DATA FOR THIS EXERCISE: Begin

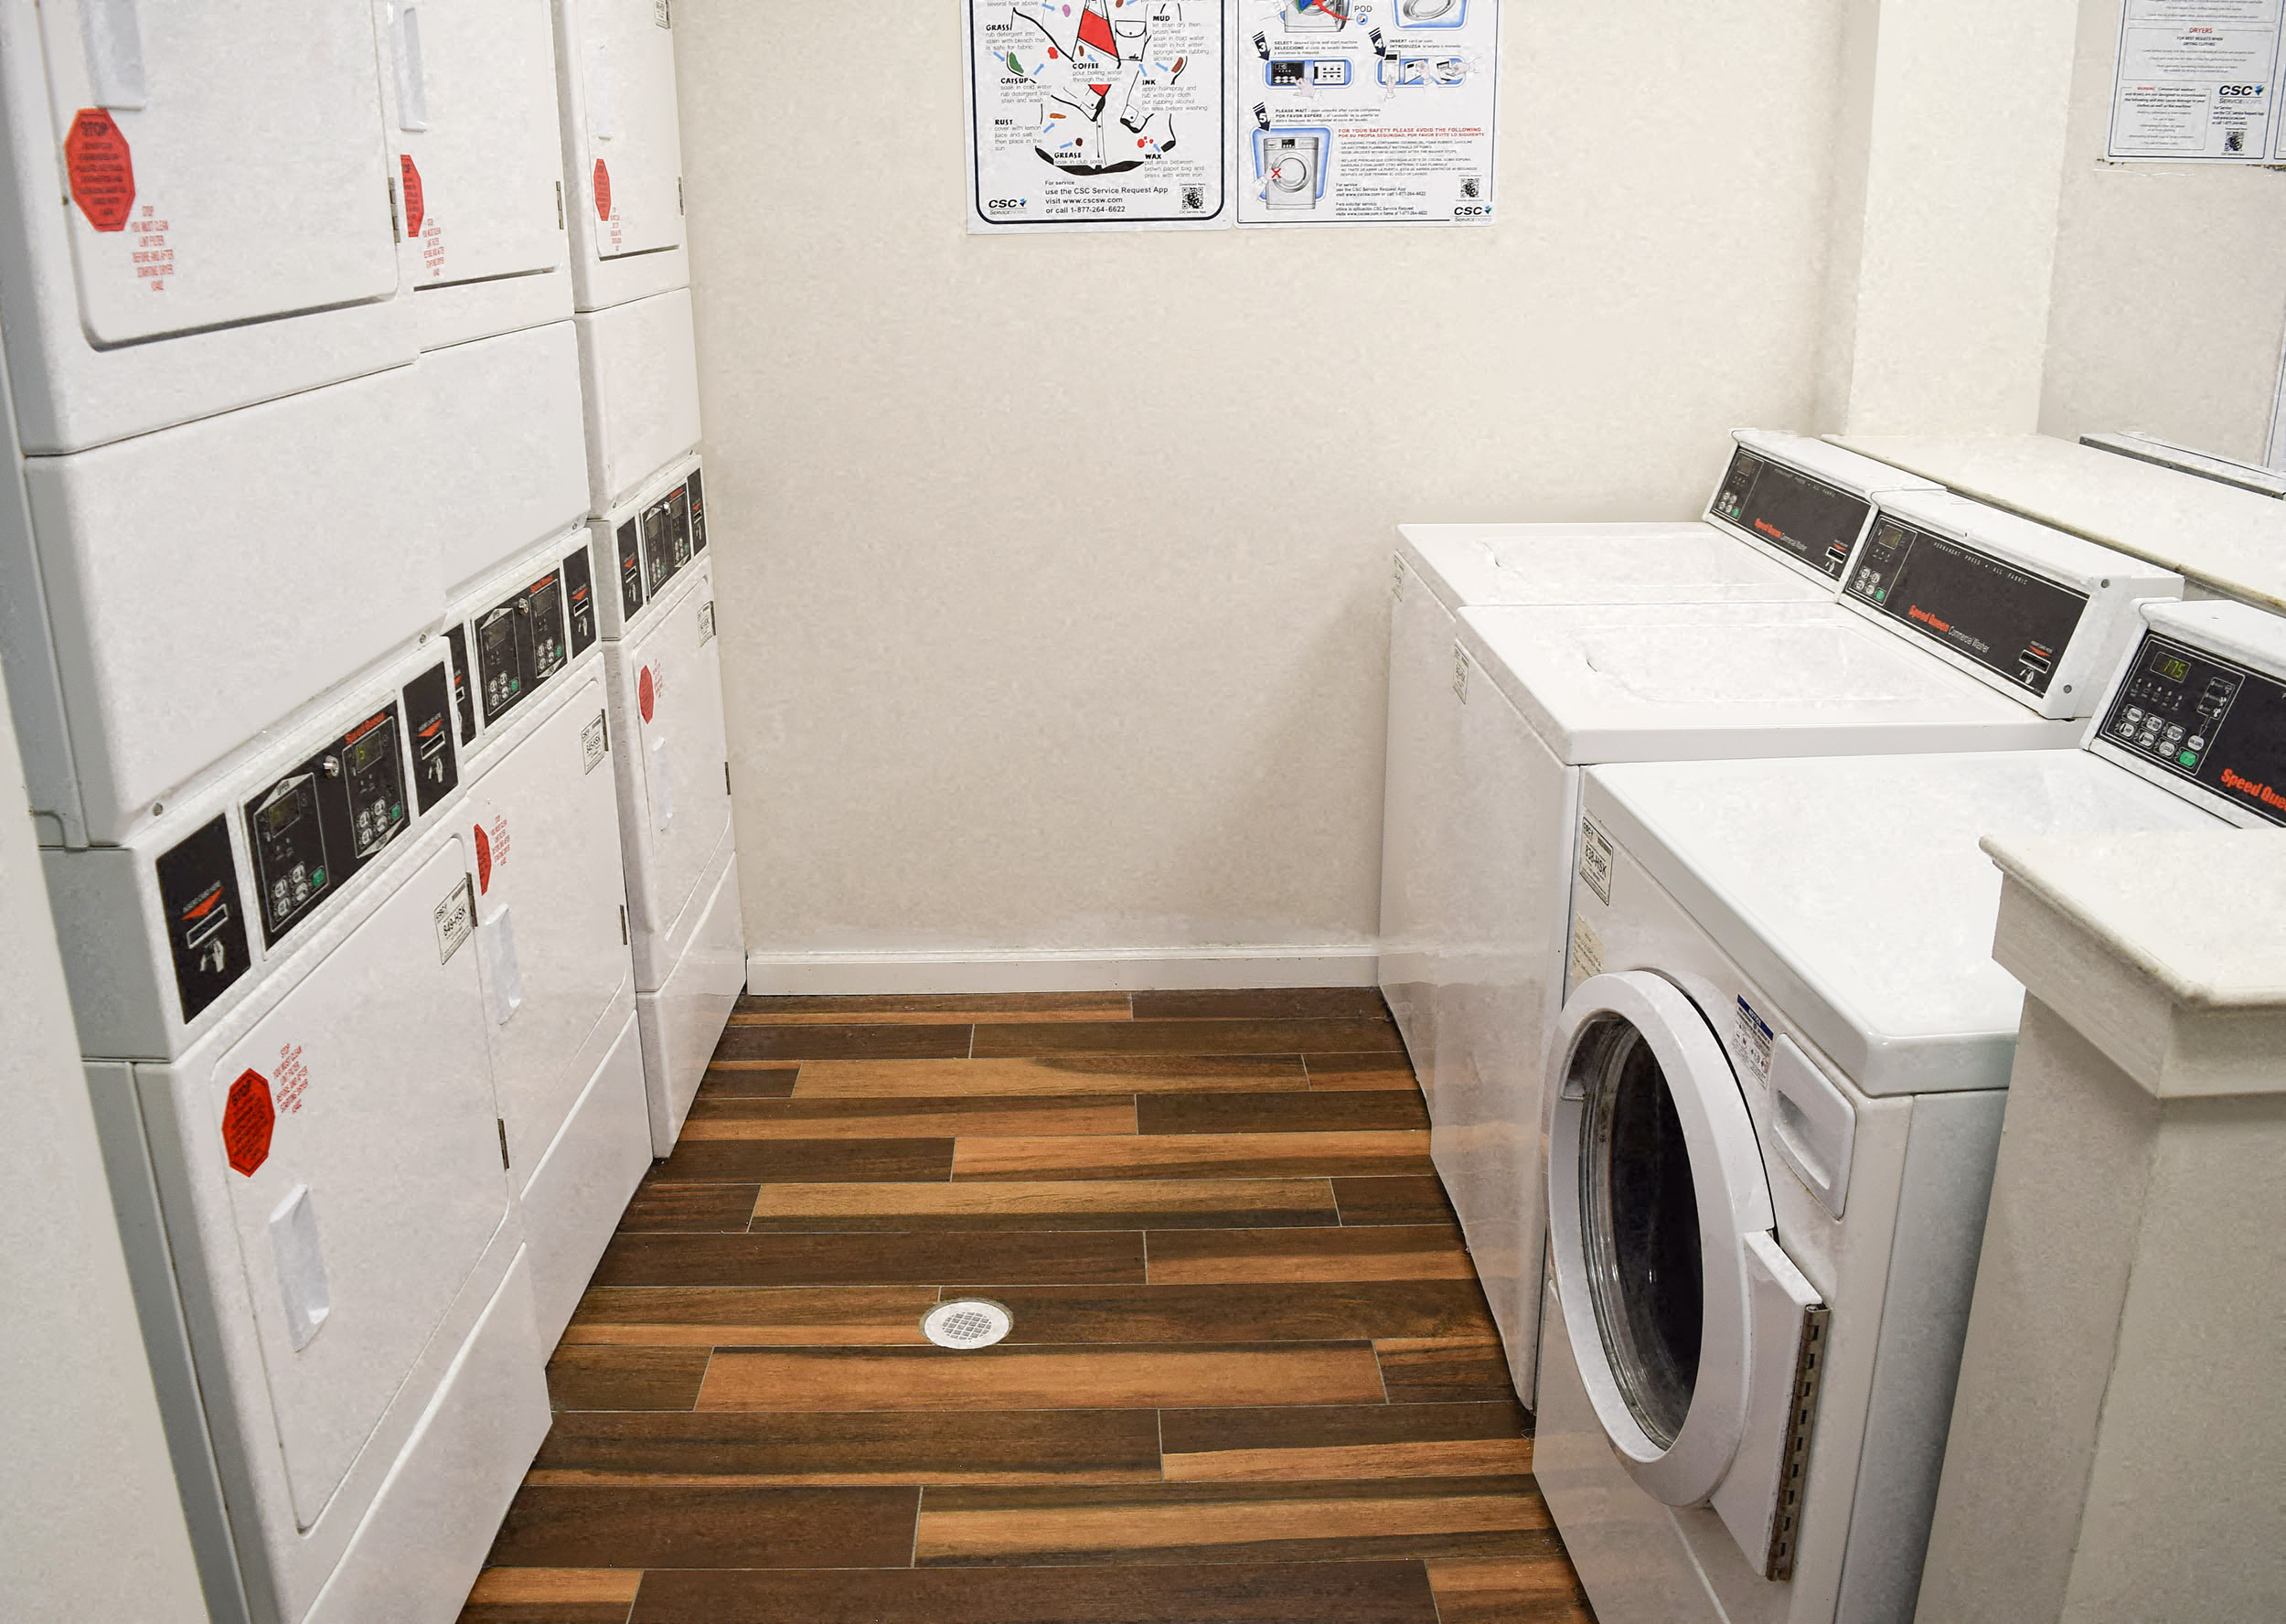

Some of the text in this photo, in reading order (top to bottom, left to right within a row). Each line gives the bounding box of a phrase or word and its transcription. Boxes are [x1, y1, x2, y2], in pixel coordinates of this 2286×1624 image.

[1354, 5, 1372, 13] POD
[1258, 42, 1266, 52] 3
[1374, 38, 1383, 48] 4
[2219, 86, 2252, 95] CSC
[1259, 112, 1266, 123] 5
[80, 122, 107, 136] STOP
[988, 199, 1017, 208] CSC
[1454, 207, 1482, 215] CSC
[1934, 541, 2028, 585] PERMANENT PRESS ALL FABRIC
[1909, 604, 1990, 653] Speed Queen Commercial Washer
[2164, 658, 2186, 678] 175
[2220, 768, 2263, 796] Speed
[1748, 1009, 1761, 1026] NOTICE

DATA FOR THIS EXERCISE: End

**ACTIVITY**. All of the records above are to be written out exactly, minus their images.

**THE ANSWER**.
Some of the text in this photo, in reading order (top to bottom, left to right within a row). Each line gives the bounding box of a phrase or word and its transcription. Boxes are [x1, y1, x2, y2], in pixel coordinates of this 2286×1624 image.

[1354, 5, 1372, 13] POD
[1258, 42, 1266, 52] 3
[1374, 38, 1383, 48] 4
[2219, 86, 2252, 95] CSC
[1259, 112, 1266, 123] 5
[80, 122, 107, 136] STOP
[988, 199, 1017, 208] CSC
[1454, 207, 1482, 215] CSC
[1934, 541, 2028, 585] PERMANENT PRESS ALL FABRIC
[1909, 604, 1990, 653] Speed Queen Commercial Washer
[2164, 658, 2186, 678] 175
[2220, 768, 2263, 796] Speed
[1748, 1009, 1761, 1026] NOTICE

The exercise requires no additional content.